(Source data)

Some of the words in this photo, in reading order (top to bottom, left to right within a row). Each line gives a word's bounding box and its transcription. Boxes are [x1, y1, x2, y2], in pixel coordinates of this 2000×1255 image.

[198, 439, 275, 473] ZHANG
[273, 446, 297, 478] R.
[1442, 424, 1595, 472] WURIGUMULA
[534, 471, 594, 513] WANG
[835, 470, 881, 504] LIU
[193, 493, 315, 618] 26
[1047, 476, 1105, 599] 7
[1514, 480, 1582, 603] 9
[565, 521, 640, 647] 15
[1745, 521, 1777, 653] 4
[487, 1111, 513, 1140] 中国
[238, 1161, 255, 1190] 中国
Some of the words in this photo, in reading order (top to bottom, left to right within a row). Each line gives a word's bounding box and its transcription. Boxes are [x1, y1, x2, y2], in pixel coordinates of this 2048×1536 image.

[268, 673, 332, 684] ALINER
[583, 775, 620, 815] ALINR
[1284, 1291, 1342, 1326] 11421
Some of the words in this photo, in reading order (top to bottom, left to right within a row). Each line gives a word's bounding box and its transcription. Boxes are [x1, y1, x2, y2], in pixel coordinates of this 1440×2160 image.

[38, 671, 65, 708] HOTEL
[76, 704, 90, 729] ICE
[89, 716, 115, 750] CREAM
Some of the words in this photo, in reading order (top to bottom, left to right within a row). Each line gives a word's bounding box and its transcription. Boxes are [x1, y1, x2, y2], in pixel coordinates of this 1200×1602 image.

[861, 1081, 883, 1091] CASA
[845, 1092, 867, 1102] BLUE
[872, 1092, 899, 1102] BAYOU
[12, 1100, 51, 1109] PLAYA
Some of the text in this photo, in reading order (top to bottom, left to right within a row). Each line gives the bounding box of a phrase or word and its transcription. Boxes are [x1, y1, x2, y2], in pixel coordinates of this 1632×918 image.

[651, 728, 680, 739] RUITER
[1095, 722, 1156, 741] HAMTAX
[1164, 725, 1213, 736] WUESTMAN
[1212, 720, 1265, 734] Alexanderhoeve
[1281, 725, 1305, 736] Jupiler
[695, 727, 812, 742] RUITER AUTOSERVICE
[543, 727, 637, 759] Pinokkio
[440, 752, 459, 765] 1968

ACTIVITY —
The records above should be transcribed in full, with no differences.

SOLUTION FOR THIS EXERCISE —
Some of the words in this photo, in reading order (top to bottom, left to right within a row). Each line gives a word's bounding box and its transcription. Boxes are [x1, y1, x2, y2], in pixel coordinates of this 2000×1255 image.

[198, 439, 275, 473] ZHANG
[273, 446, 297, 478] R.
[1442, 424, 1595, 472] WURIGUMULA
[534, 471, 594, 513] WANG
[835, 470, 881, 504] LIU
[193, 493, 315, 618] 26
[1047, 476, 1105, 599] 7
[1514, 480, 1582, 603] 9
[565, 521, 640, 647] 15
[1745, 521, 1777, 653] 4
[487, 1111, 513, 1140] 中国
[238, 1161, 255, 1190] 中国
Some of the words in this photo, in reading order (top to bottom, left to right within a row). Each line gives a word's bounding box and its transcription. Boxes are [x1, y1, x2, y2], in pixel coordinates of this 2048×1536 image.

[268, 673, 332, 684] ALINER
[583, 775, 620, 815] ALINR
[1284, 1291, 1342, 1326] 11421
Some of the words in this photo, in reading order (top to bottom, left to right within a row). Each line gives a word's bounding box and its transcription. Boxes are [x1, y1, x2, y2], in pixel coordinates of this 1440×2160 image.

[38, 671, 65, 708] HOTEL
[76, 704, 90, 729] ICE
[89, 716, 115, 750] CREAM
Some of the words in this photo, in reading order (top to bottom, left to right within a row). Each line gives a word's bounding box and its transcription. Boxes are [x1, y1, x2, y2], in pixel coordinates of this 1200×1602 image.

[861, 1081, 883, 1091] CASA
[845, 1092, 867, 1102] BLUE
[872, 1092, 899, 1102] BAYOU
[12, 1100, 51, 1109] PLAYA
Some of the text in this photo, in reading order (top to bottom, left to right within a row). Each line gives the bounding box of a phrase or word and its transcription. Boxes are [x1, y1, x2, y2], in pixel coordinates of this 1632×918 image.

[651, 728, 680, 739] RUITER
[1095, 722, 1156, 741] HAMTAX
[1164, 725, 1213, 736] WUESTMAN
[1212, 720, 1265, 734] Alexanderhoeve
[1281, 725, 1305, 736] Jupiler
[695, 727, 812, 742] RUITER AUTOSERVICE
[543, 727, 637, 759] Pinokkio
[440, 752, 459, 765] 1968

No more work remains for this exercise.